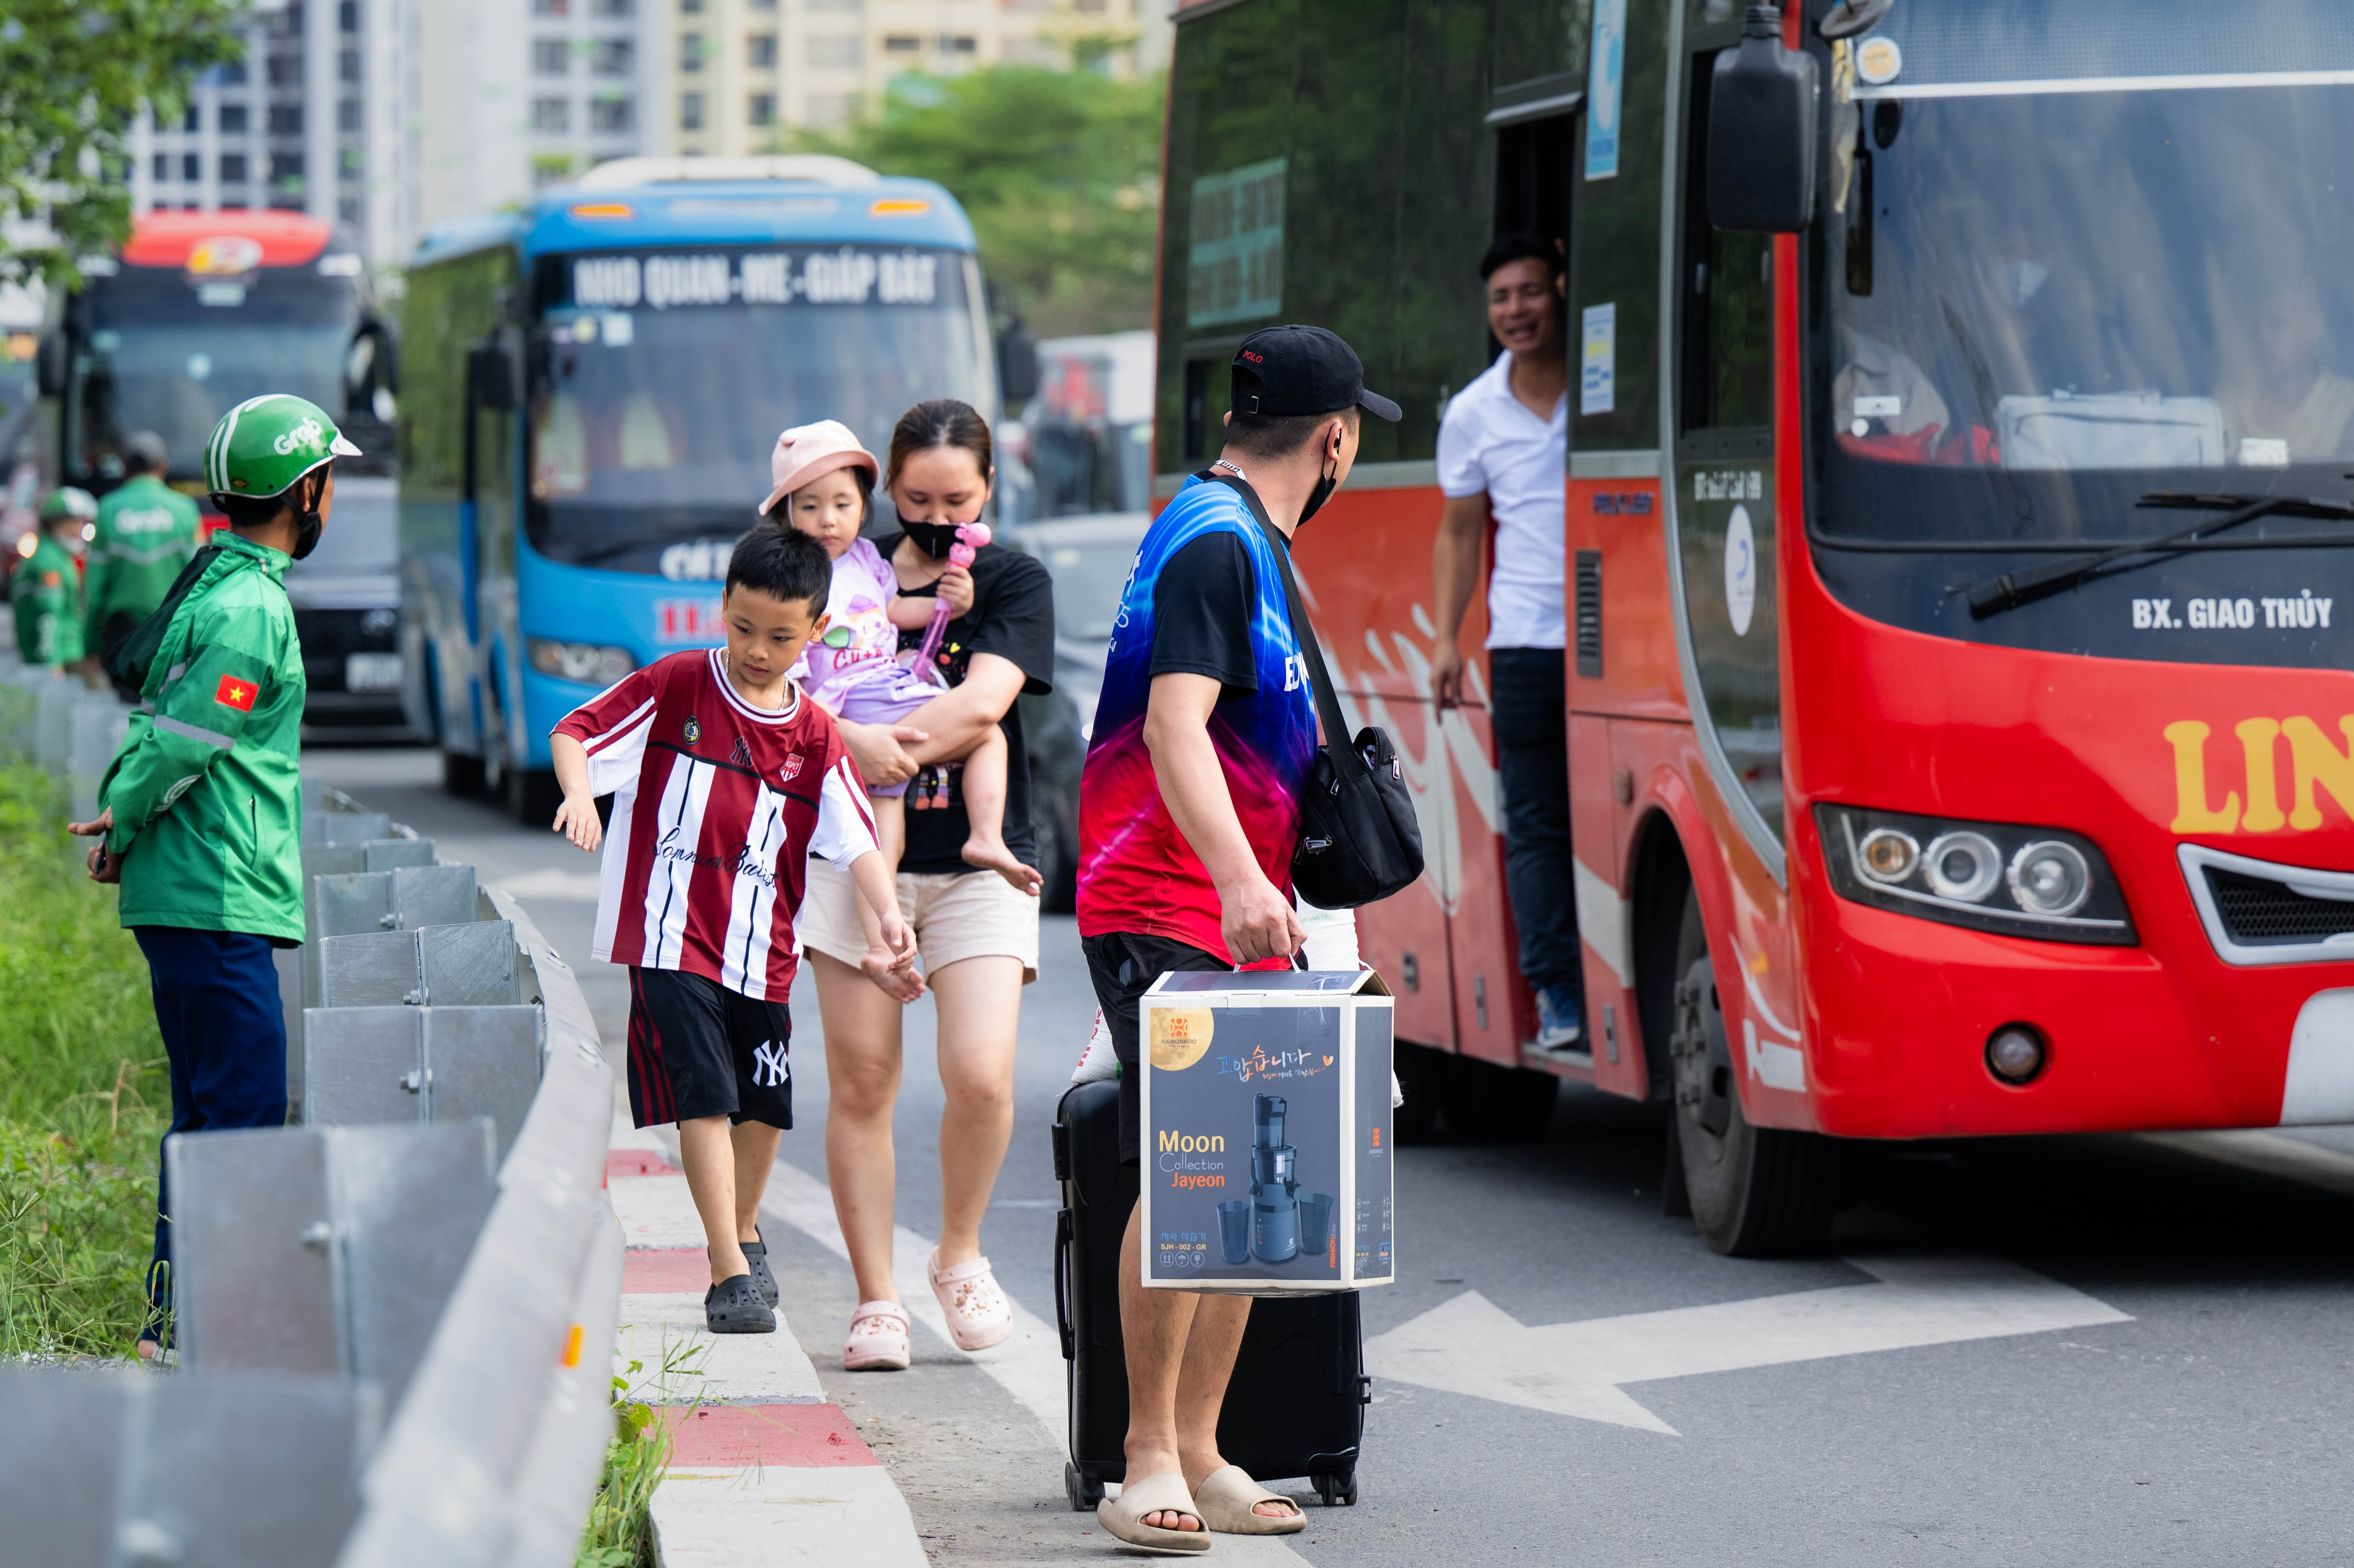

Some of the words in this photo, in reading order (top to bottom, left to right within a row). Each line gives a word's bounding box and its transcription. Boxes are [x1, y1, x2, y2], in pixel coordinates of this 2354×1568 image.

[1243, 350, 1263, 363] POLO
[274, 417, 321, 455] Grab
[2132, 598, 2182, 629] BX.
[2188, 598, 2255, 629] GIAO
[2261, 588, 2333, 628] THỦY
[1159, 1130, 1224, 1152] Moon
[1159, 1152, 1223, 1172] Collection
[1171, 1172, 1225, 1190] Jayeon

* [Directions]
Output the entries above exactly. Drop the pictures.

* [Solution to the exercise]
Some of the words in this photo, in reading order (top to bottom, left to right within a row). Each line gives a word's bounding box and its transcription. Boxes are [x1, y1, x2, y2], in pixel coordinates of this 2354×1568 image.

[1243, 350, 1263, 363] POLO
[274, 417, 321, 455] Grab
[2132, 598, 2182, 629] BX.
[2188, 598, 2255, 629] GIAO
[2261, 588, 2333, 628] THỦY
[1159, 1130, 1224, 1152] Moon
[1159, 1152, 1223, 1172] Collection
[1171, 1172, 1225, 1190] Jayeon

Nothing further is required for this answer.